La demanderesse étant la partie perdante, elle doit supporter la taxe d’opposition ainsi que les frais exposés par l’opposante aux fins de la présente procédure.
Conformément à l’article 109, paragraphe 1 et (7) du RMUE et à l’article 18, paragraphe 1, point c) i), du REMUE, les frais à payer à l’opposante sont la taxe d’opposition et les frais de représentation, qui sont fixés sur la base du taux maximal qui y est fixé.
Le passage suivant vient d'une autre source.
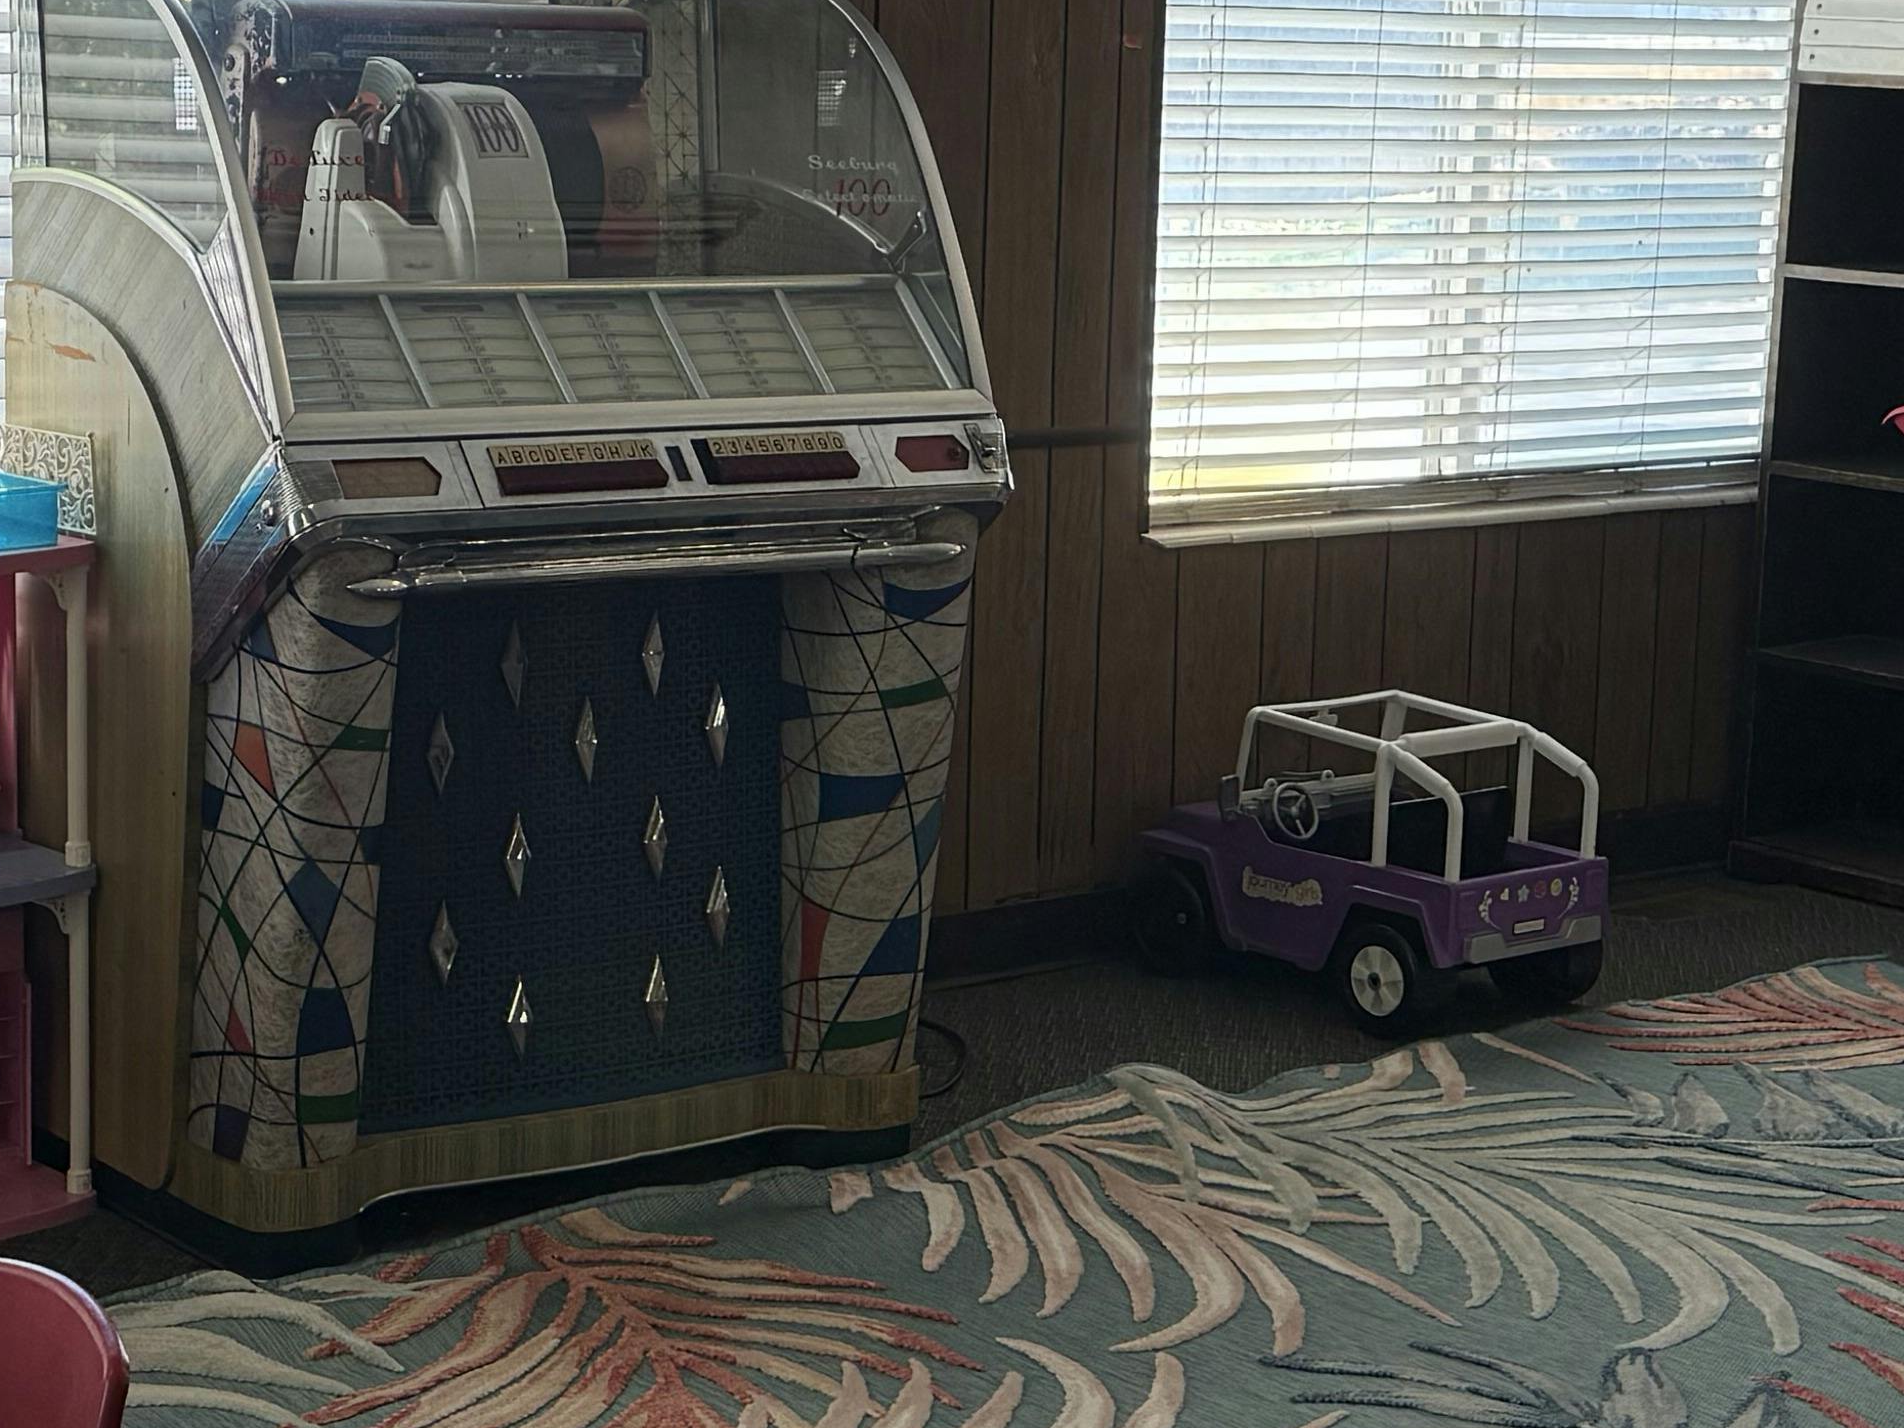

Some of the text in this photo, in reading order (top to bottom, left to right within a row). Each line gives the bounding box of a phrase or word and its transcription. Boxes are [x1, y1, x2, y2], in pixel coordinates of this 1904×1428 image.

[463, 104, 520, 153] 100
[807, 154, 899, 176] Seeburg
[834, 178, 891, 217] 100
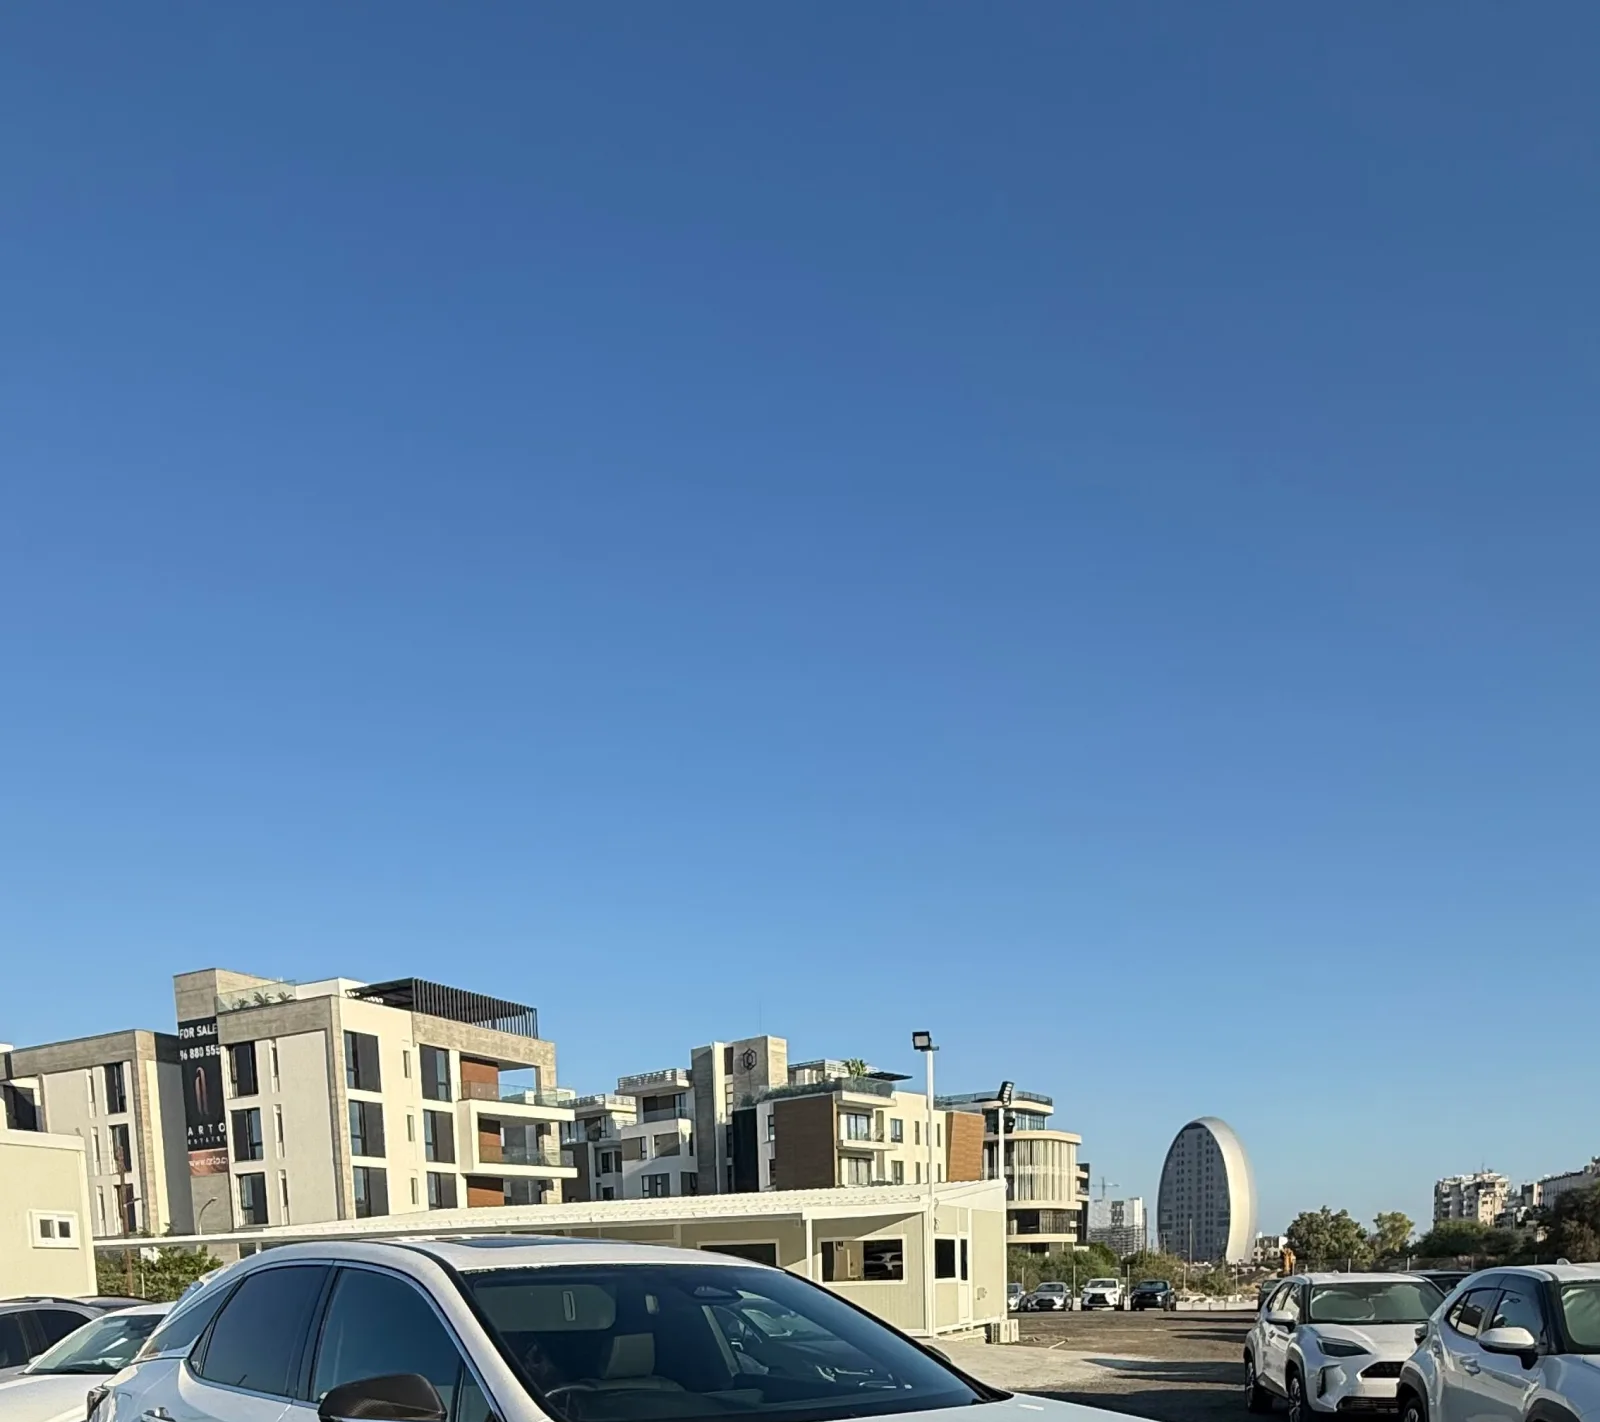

De la division d’opposition
María Clara Carlos MATEO PÉREZ Meglena BENOVA IBÁÑEZ FIORILLO
Conformément à l’article 67 du RMUE, toute partie peut recourir contre cette décision pour autant que cette dernière n’ait pas fait droit à ses prétentions. Conformément à l’article 68 du RMUE, le recours doit être formé par écrit auprès de l’Office dans un délai de deux mois à compter du jour de la notification de la présente décision. L’acte de recours est déposé dans la langue de procédure de la décision attaquée. En outre, un mémoire exposant les motifs du recours doit être déposé par écrit dans un délai de quatre mois à compter de cette date. Le recours n’est considéré comme formé qu’après paiement de la taxe de recours d’un montant de 720 EUR.